Fortunately, there is a whole language that is based, in essence, on an implementation of a backward-chaining logical proof processes: Prolog. It works for Propositional Logic (relatively easy), but also works for FOL with universal quantification and all the bells and whistles...so it's just what we need. Our aim, therefore, is to:
- express a simple world of facts and inference rules in FOL...and then translate this knowledge into a Prolog program.
- and then use the Prolog solver to answer some questions about the situation, deducing various conclusions not directly present as base facts.
- Analyze the problem-solving behavior of the Prolog solver system a bit, to make the connection between what we've been working through in lecture/book, and what the Prolog solver is doing.
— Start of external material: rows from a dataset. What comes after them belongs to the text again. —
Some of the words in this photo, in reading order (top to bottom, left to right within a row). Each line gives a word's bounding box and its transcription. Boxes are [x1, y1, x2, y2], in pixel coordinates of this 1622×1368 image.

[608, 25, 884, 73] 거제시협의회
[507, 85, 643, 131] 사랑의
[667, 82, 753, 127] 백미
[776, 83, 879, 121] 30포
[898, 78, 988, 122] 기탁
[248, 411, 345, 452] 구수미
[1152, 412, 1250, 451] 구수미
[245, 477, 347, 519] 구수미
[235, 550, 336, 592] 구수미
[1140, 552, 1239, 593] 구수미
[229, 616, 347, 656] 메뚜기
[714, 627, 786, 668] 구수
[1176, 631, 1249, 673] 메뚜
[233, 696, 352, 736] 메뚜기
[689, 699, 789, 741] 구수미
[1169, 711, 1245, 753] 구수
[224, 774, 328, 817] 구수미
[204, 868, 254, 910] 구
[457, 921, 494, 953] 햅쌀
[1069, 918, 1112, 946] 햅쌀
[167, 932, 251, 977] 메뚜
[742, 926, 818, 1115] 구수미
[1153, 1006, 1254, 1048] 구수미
The advantage of using an existing logic solver (i.e., Prolog in this case) is that we can focus on the logic and the inferencing. The disadvantage is that -- because Prolog is doing a bunch of the work for us -- we risk losing track of the actual logic solving process that is going on within Prolog to arrive at the answers. We will try to address this disadvantage by taking a look under the hood as part of the write-up questions.
The Problem:
It would be lovely to use Prolog to implement a "tour guide" in our dangerous Wumpus cave, i.e., an agent that we can ask questions about the board as we go along (e.g. Is square [x,y] safe?). This is a little bit harder than I'd like, however, given that we are Prolog beginners at this point (anyone that wants to tackle it as E.C. is welcome to).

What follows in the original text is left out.